**Task instructions**. Any pictures in the records below should be skipped; write out everything else exactly.
------------------------------
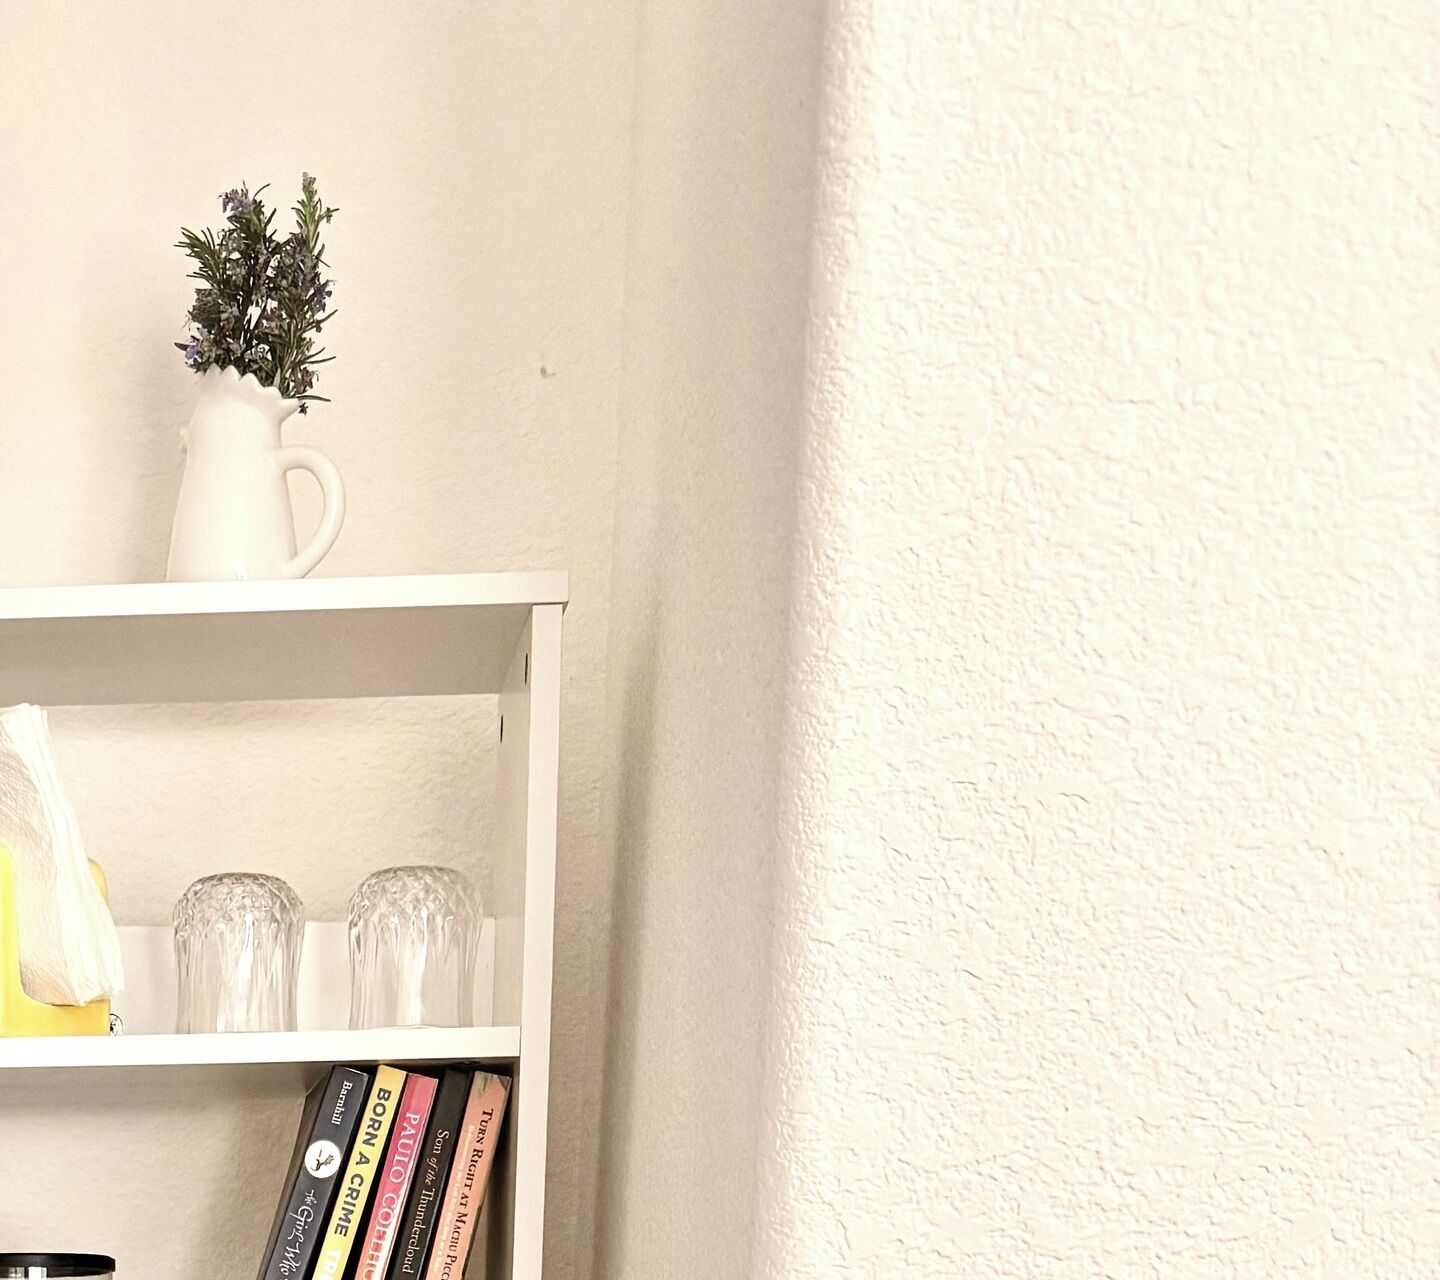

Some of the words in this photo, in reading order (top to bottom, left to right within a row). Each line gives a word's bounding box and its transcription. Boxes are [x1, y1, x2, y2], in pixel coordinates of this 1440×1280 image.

[332, 1081, 353, 1125] Barnhill
[362, 1088, 392, 1147] BORN
[356, 1152, 371, 1166] A
[390, 1112, 421, 1183] PAULO
[427, 1157, 439, 1170] of
[434, 1130, 450, 1154] Son
[425, 1170, 437, 1186] the
[334, 1174, 364, 1237] CRIME
[402, 1188, 436, 1274] Thundercloud
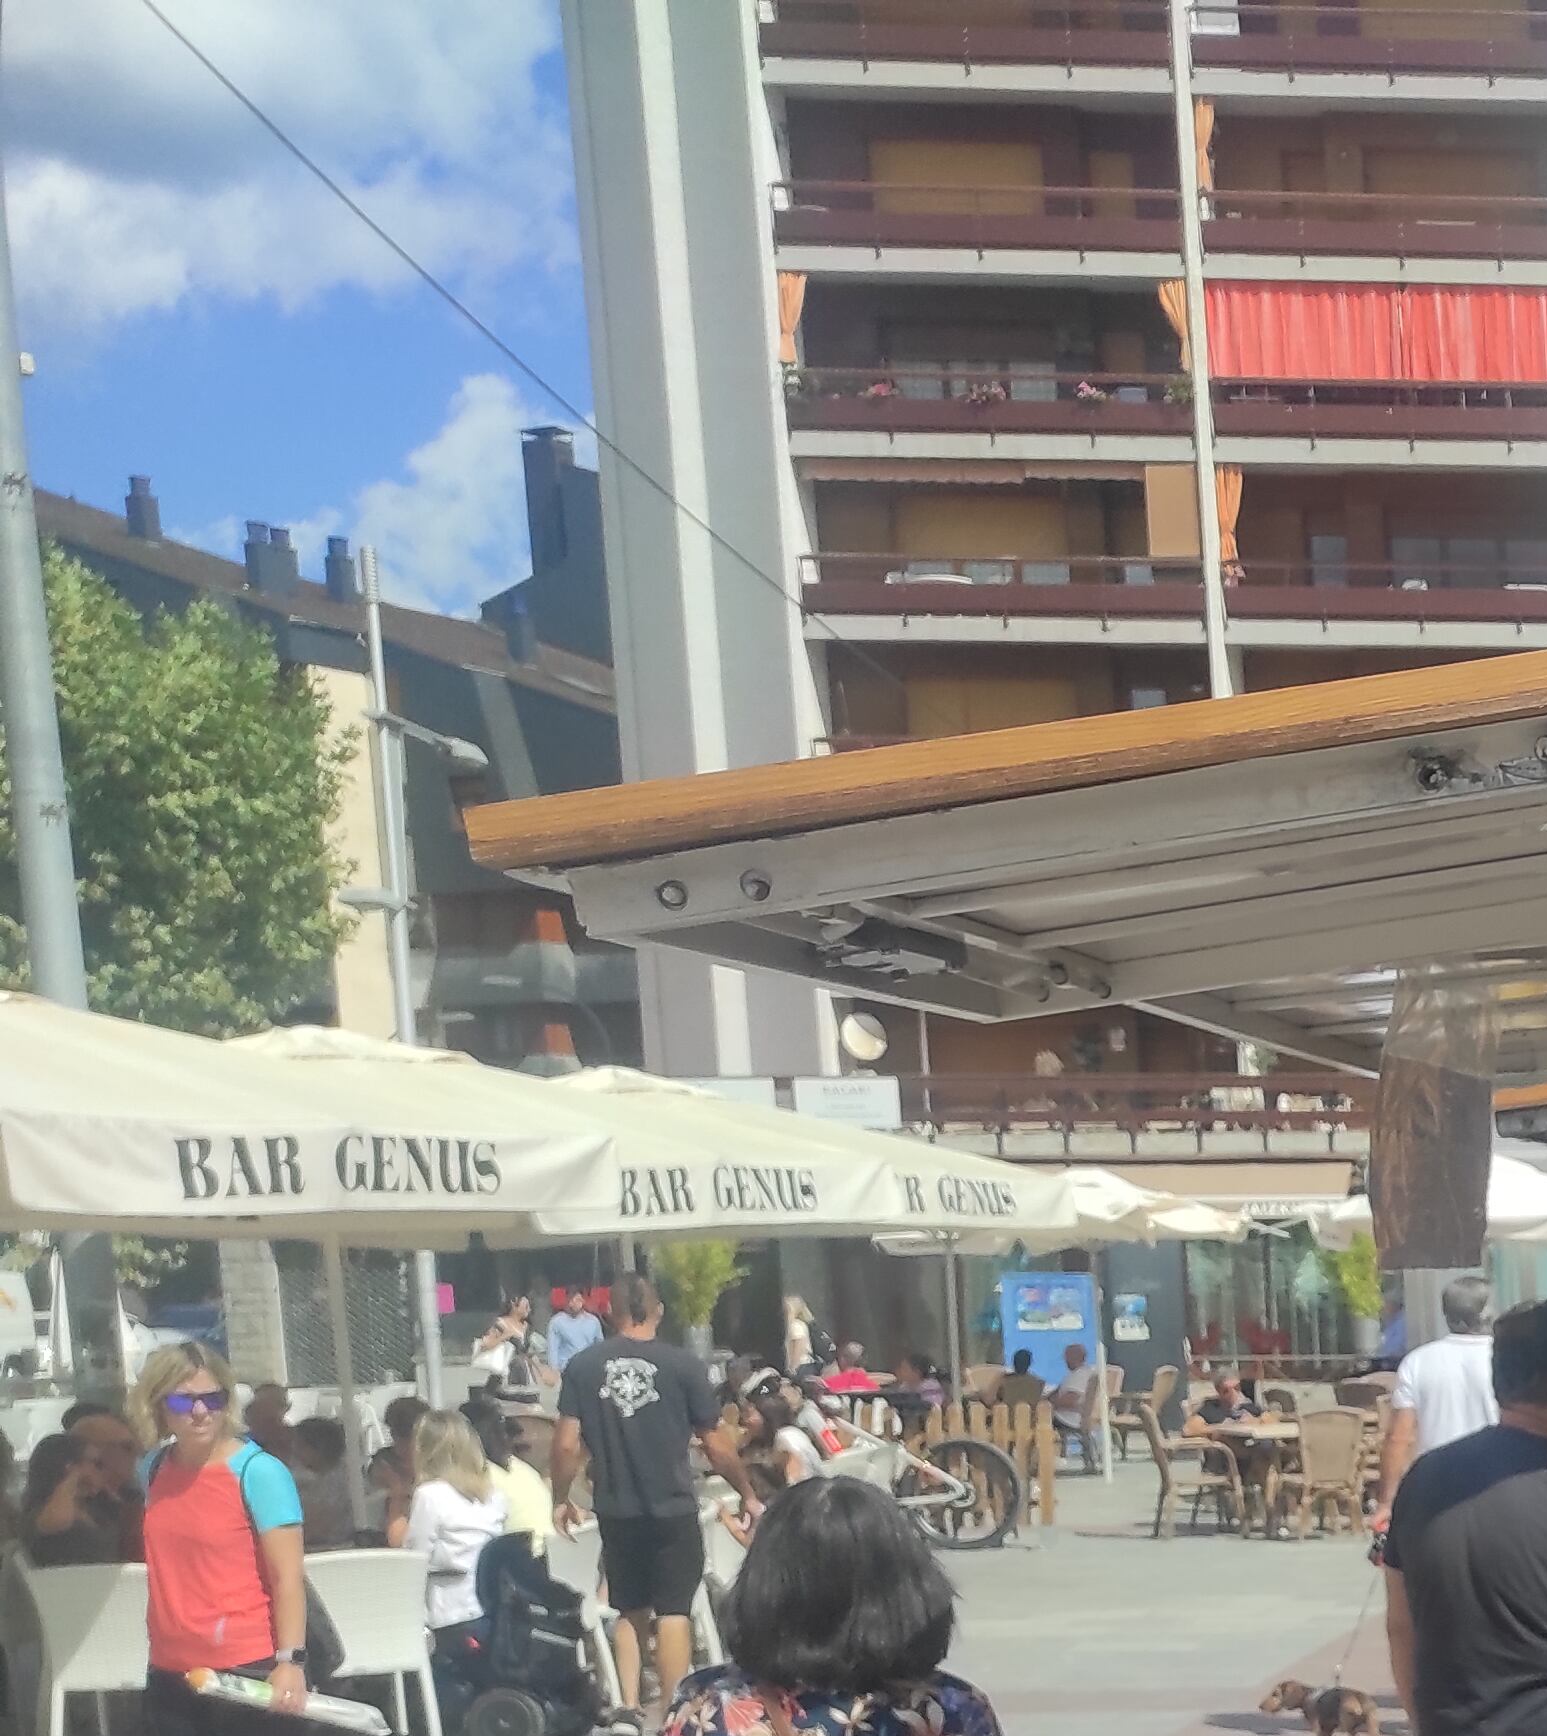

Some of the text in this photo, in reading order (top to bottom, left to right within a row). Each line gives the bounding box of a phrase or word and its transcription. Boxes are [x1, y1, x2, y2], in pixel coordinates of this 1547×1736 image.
------------------------------
**Result for this exercise**.
Some of the words in this photo, in reading order (top to bottom, left to right within a row). Each line gives a word's bounding box and its transcription. Boxes are [x1, y1, x2, y2], in pixel coordinates of this 1440×1280 image.

[332, 1081, 353, 1125] Barnhill
[362, 1088, 392, 1147] BORN
[356, 1152, 371, 1166] A
[390, 1112, 421, 1183] PAULO
[427, 1157, 439, 1170] of
[434, 1130, 450, 1154] Son
[425, 1170, 437, 1186] the
[334, 1174, 364, 1237] CRIME
[402, 1188, 436, 1274] Thundercloud

Some of the text in this photo, in reading order (top to bottom, left to right within a row). Each line gives the bounding box of a phrase or word and its transcription. Boxes are [x1, y1, x2, y2], in pixel coordinates of this 1547×1736 image.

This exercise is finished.